- Given entries

◆ ◆ ◆ ◆ ◆

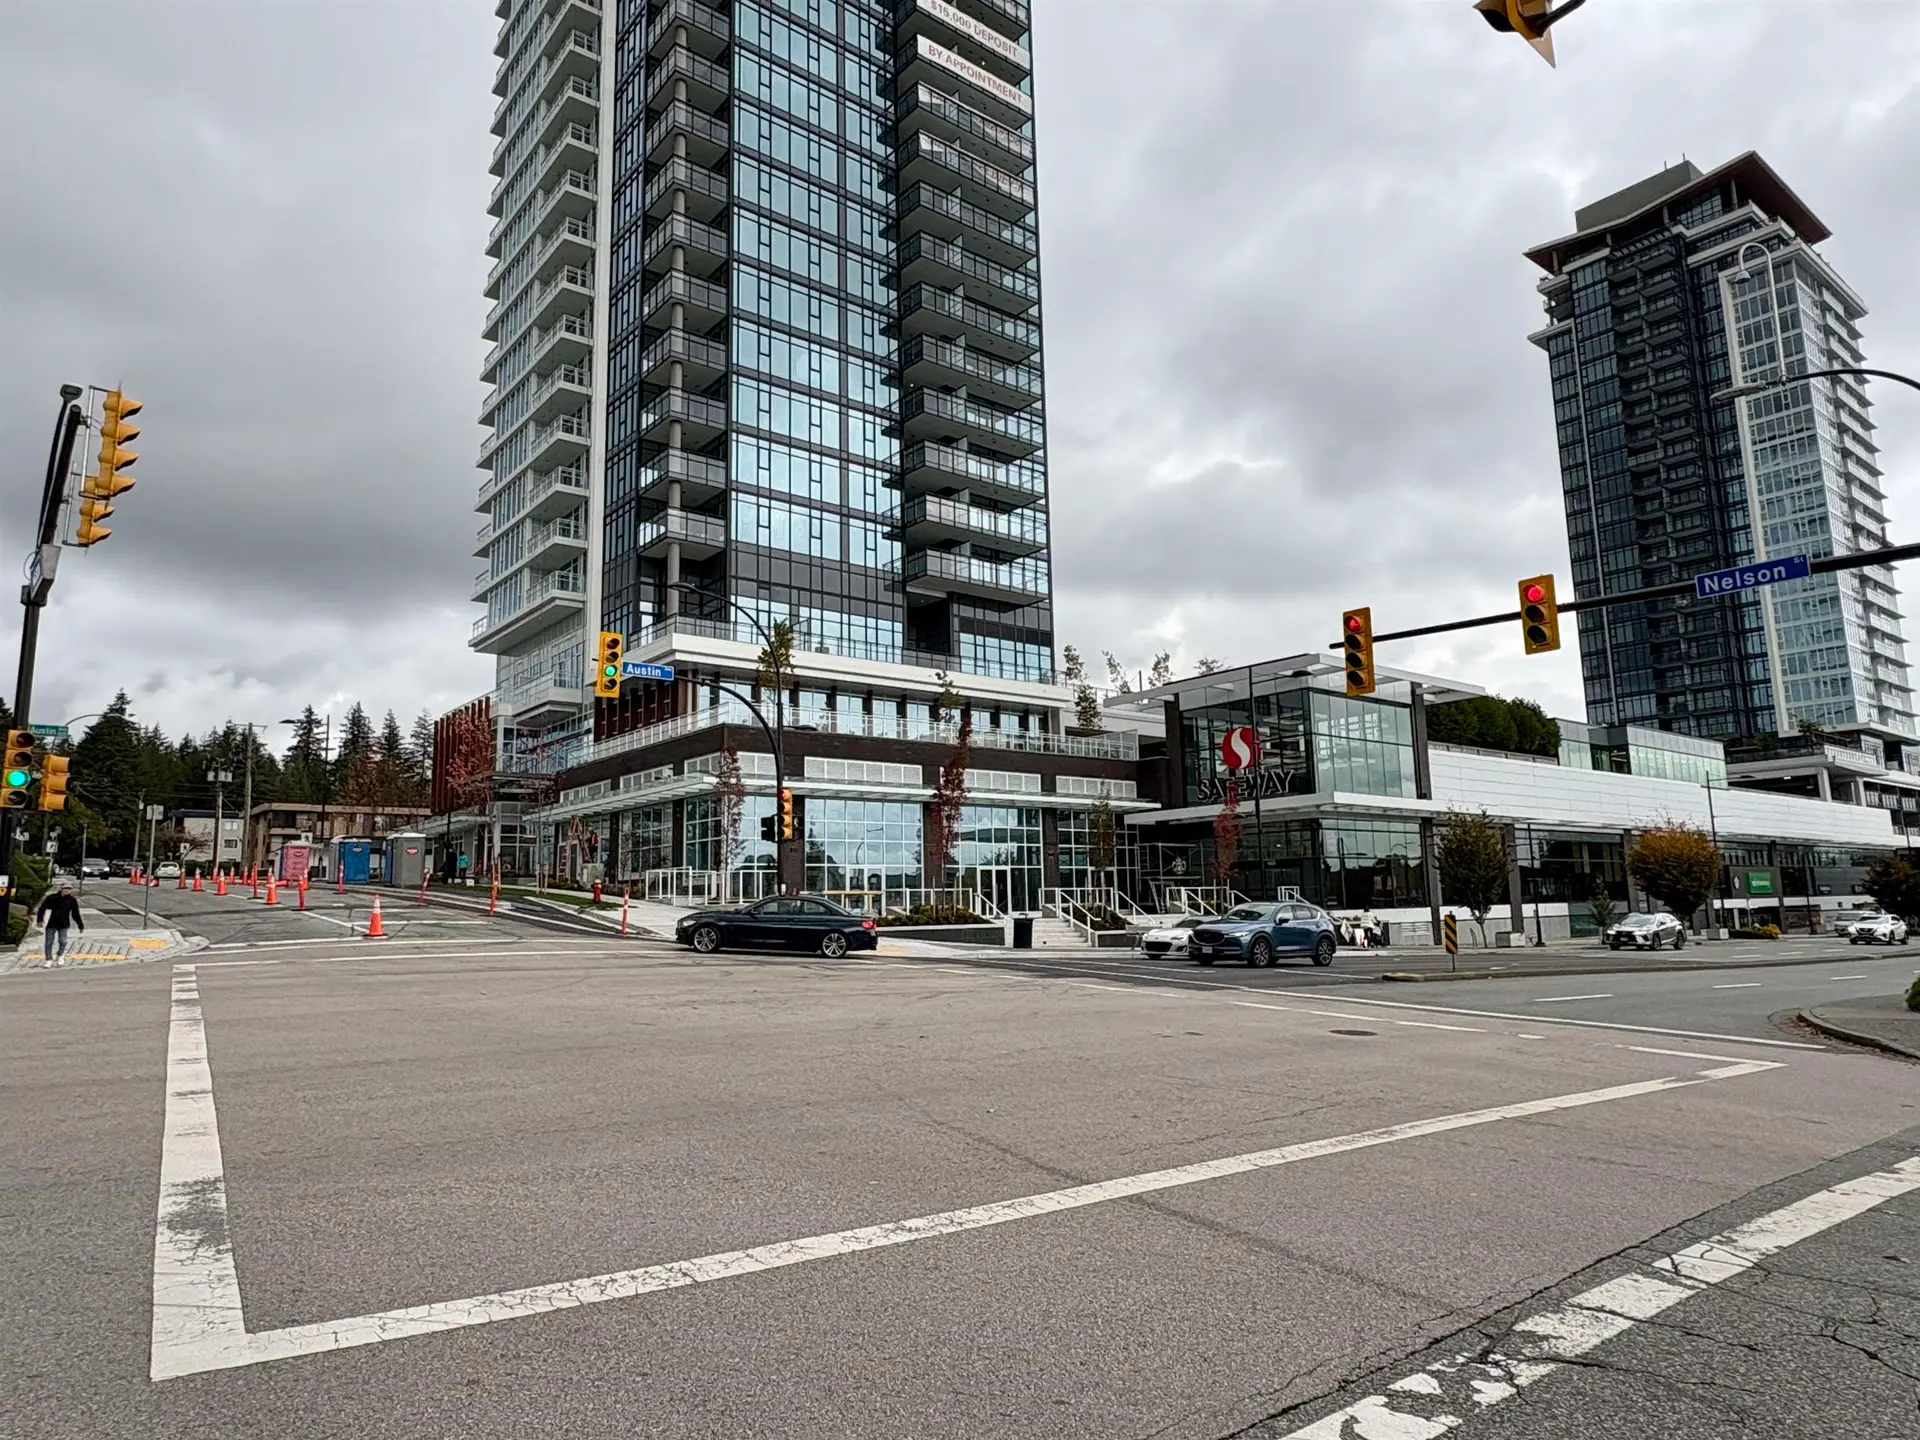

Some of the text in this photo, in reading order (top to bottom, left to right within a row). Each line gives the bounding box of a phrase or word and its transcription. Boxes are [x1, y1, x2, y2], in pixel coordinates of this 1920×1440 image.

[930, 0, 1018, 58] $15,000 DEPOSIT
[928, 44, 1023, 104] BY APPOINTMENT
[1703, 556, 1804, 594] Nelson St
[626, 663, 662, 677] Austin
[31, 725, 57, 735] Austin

◆ ◆ ◆ ◆ ◆

- What to do
Would you give the entries above again verbatim, omitting the images they contain?

- Output of the exercise
Some of the text in this photo, in reading order (top to bottom, left to right within a row). Each line gives the bounding box of a phrase or word and its transcription. Boxes are [x1, y1, x2, y2], in pixel coordinates of this 1920×1440 image.

[930, 0, 1018, 58] $15,000 DEPOSIT
[928, 44, 1023, 104] BY APPOINTMENT
[1703, 556, 1804, 594] Nelson St
[626, 663, 662, 677] Austin
[31, 725, 57, 735] Austin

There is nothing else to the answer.